Neutral endopeptidase modulation of neurogenic inflammation in airways

Abstract

Tachykinins, including substance P, are contained in sensory nerves of airways. Sensory nerve stimulation causes release of the tachykinins, thus producing a pattern of responses (smooth muscle contraction, submucosal gland secretion, increased vascular permeability, neutrophil adhesion, and cough) collectively referred to as "neurogenic inflammation". The responses to either exogenously or endogenously-released tachykinins are modulated selectively by neutral endopeptidase (NEP), an enzyme that exists on the membranes of cells that contain tachykinin receptors (e.g. submucosal glands, smooth muscle, postcapillary venous endothelium).

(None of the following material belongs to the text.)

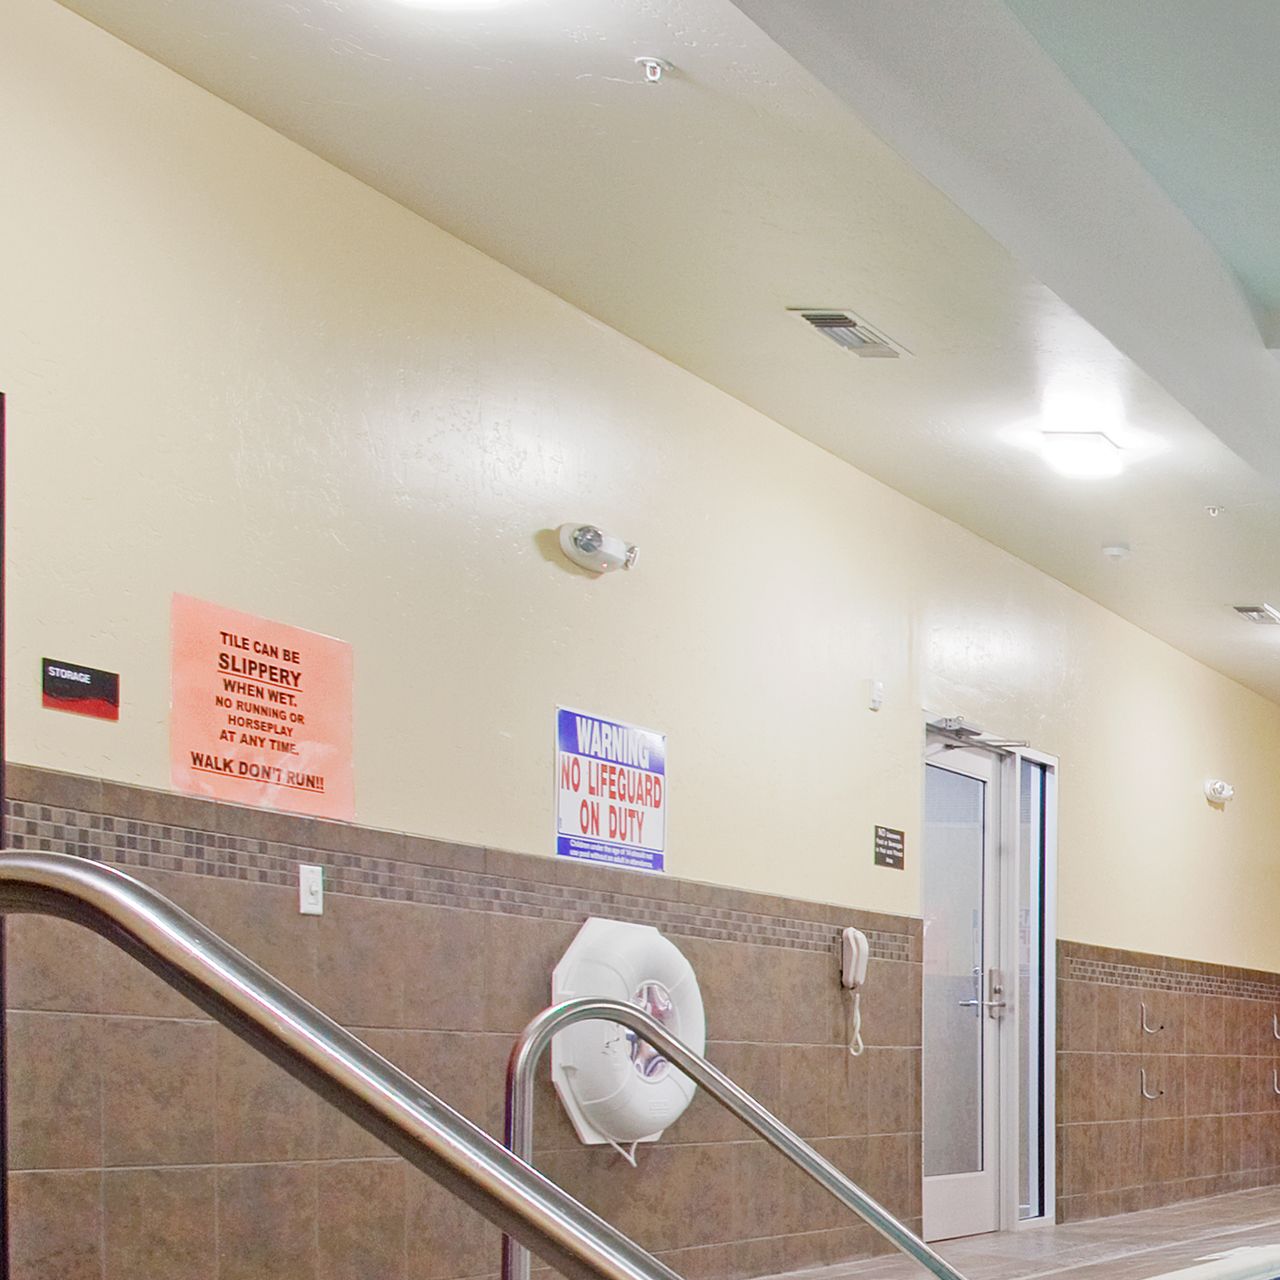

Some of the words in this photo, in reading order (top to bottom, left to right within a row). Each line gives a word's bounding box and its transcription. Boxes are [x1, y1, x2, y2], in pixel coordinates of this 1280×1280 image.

By cleaving and thus inactivating the tachykinins, NEP limits their action on receptors. The reduced NEP activity associated with respiratory viral infections and inhaled irritants (e.g. toluene diisocyanate, cigarette smoke) potentiates neurogenic inflammatory responses. Exogenously delivered human recombinant NEP reduces responses to tachykinins. Thus, reduced NEP activity in tissues, by exaggerating inflammatory responses resulting from sensory nerve stimulation, may play an important role in the pathogenesis of inflammatory diseases in airways and in other tissues.